[Records drawn from a dataset]
========================================

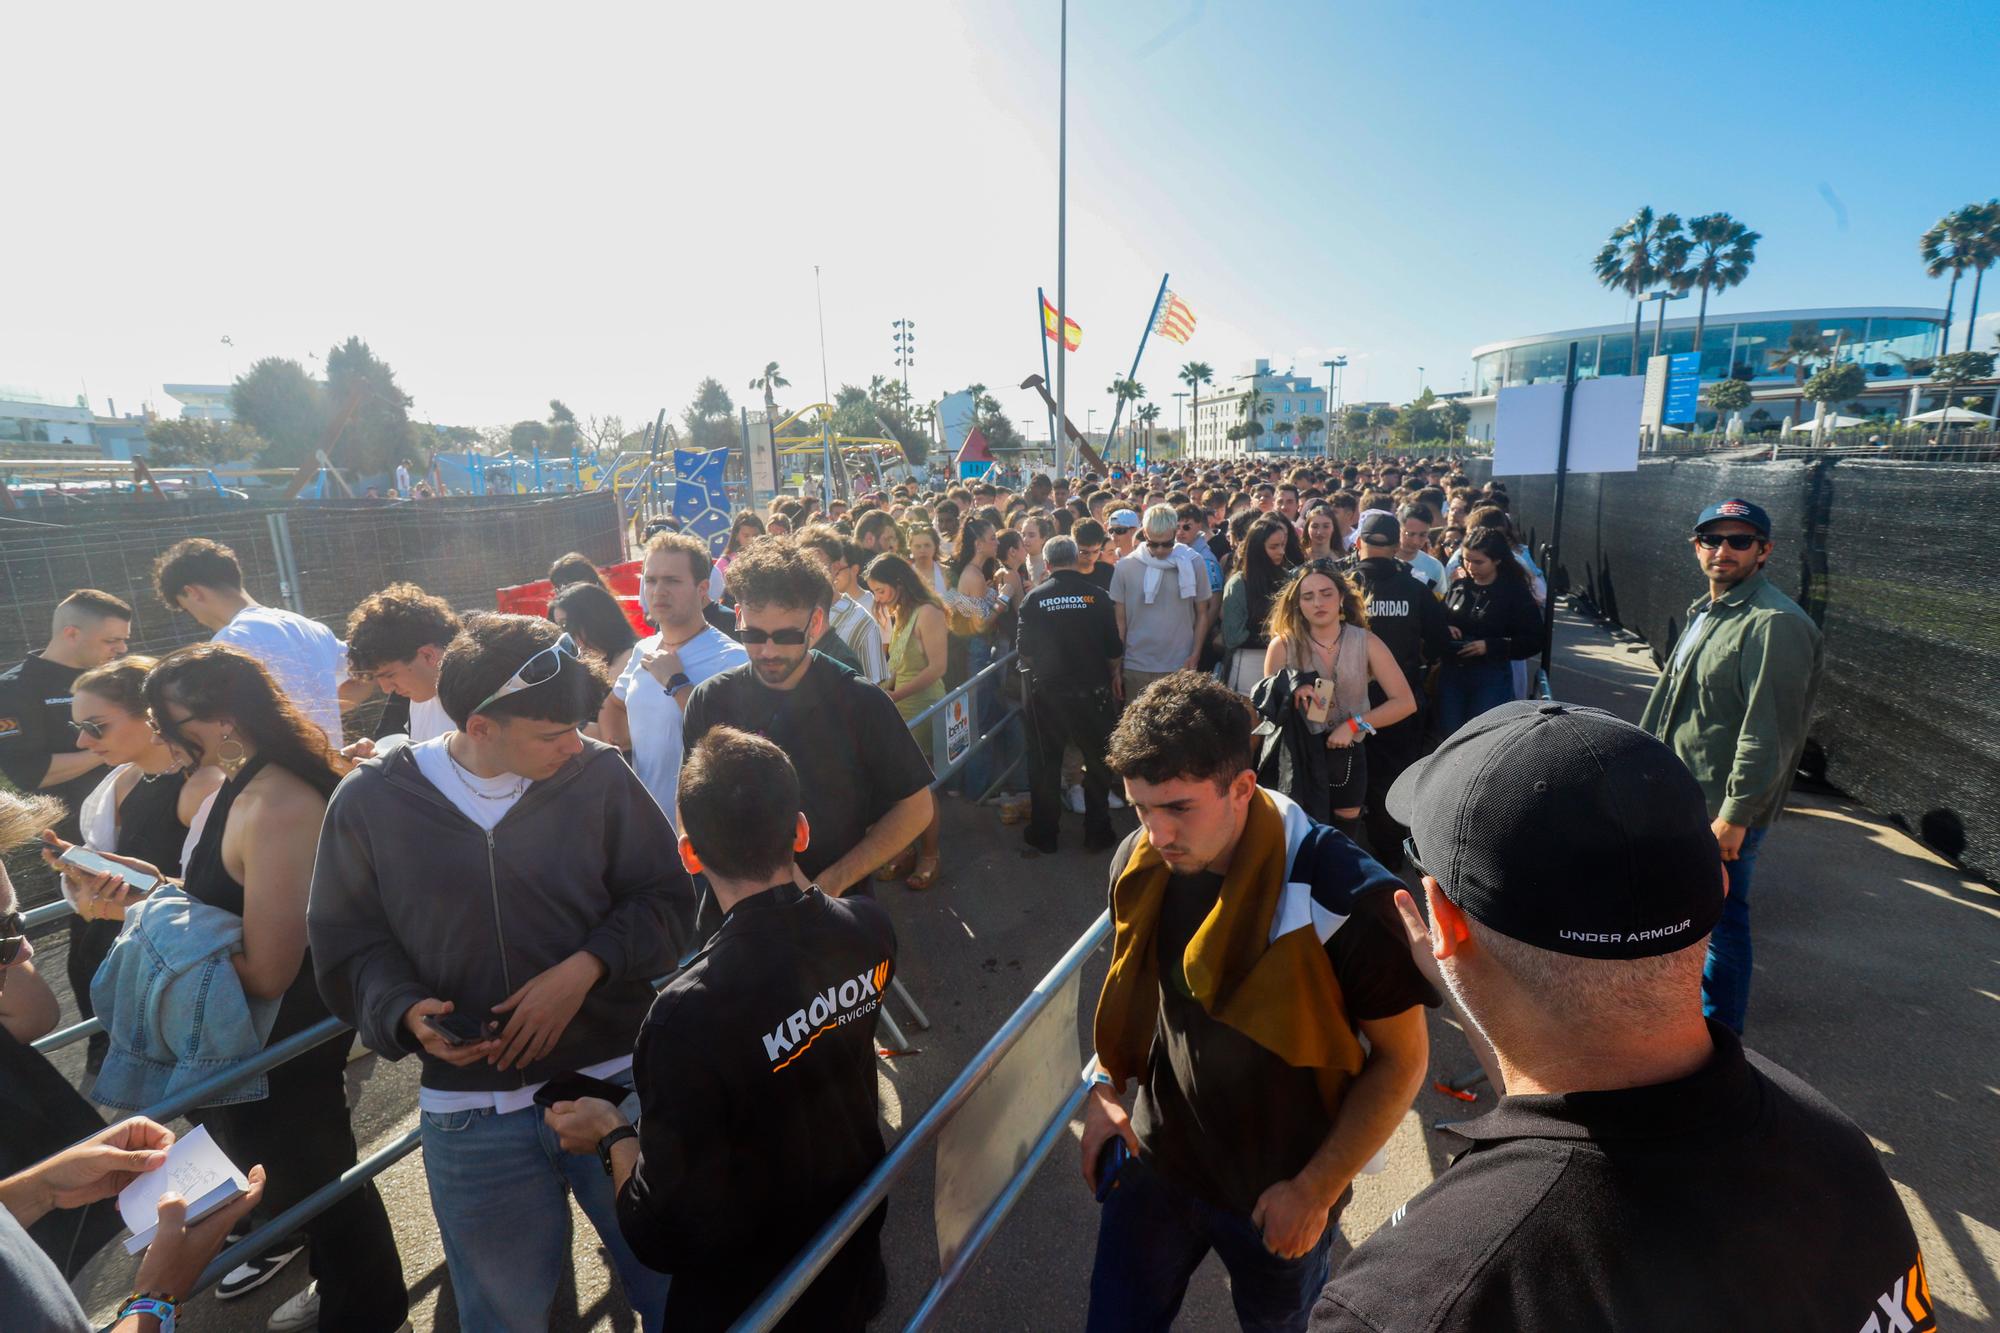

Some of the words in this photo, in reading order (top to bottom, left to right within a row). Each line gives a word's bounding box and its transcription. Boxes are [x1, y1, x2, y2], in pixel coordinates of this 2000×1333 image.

[1039, 595, 1084, 608] KRONOX
[1047, 603, 1088, 612] SEGURIDAD
[1365, 600, 1409, 617] GURIDAD
[1559, 929, 1622, 943] UNDER
[1626, 919, 1691, 943] ARMOUR
[762, 968, 876, 1062] KRONOX
[835, 999, 877, 1026] RVICIOS

========================================

__INSTRUCTIONS TO FOLLOW__.
Here the job is to repeat the entries verbatim while leaving all pictures out.

__ANSWER TO THE PROBLEM__.
Some of the words in this photo, in reading order (top to bottom, left to right within a row). Each line gives a word's bounding box and its transcription. Boxes are [x1, y1, x2, y2], in pixel coordinates of this 2000×1333 image.

[1039, 595, 1084, 608] KRONOX
[1047, 603, 1088, 612] SEGURIDAD
[1365, 600, 1409, 617] GURIDAD
[1559, 929, 1622, 943] UNDER
[1626, 919, 1691, 943] ARMOUR
[762, 968, 876, 1062] KRONOX
[835, 999, 877, 1026] RVICIOS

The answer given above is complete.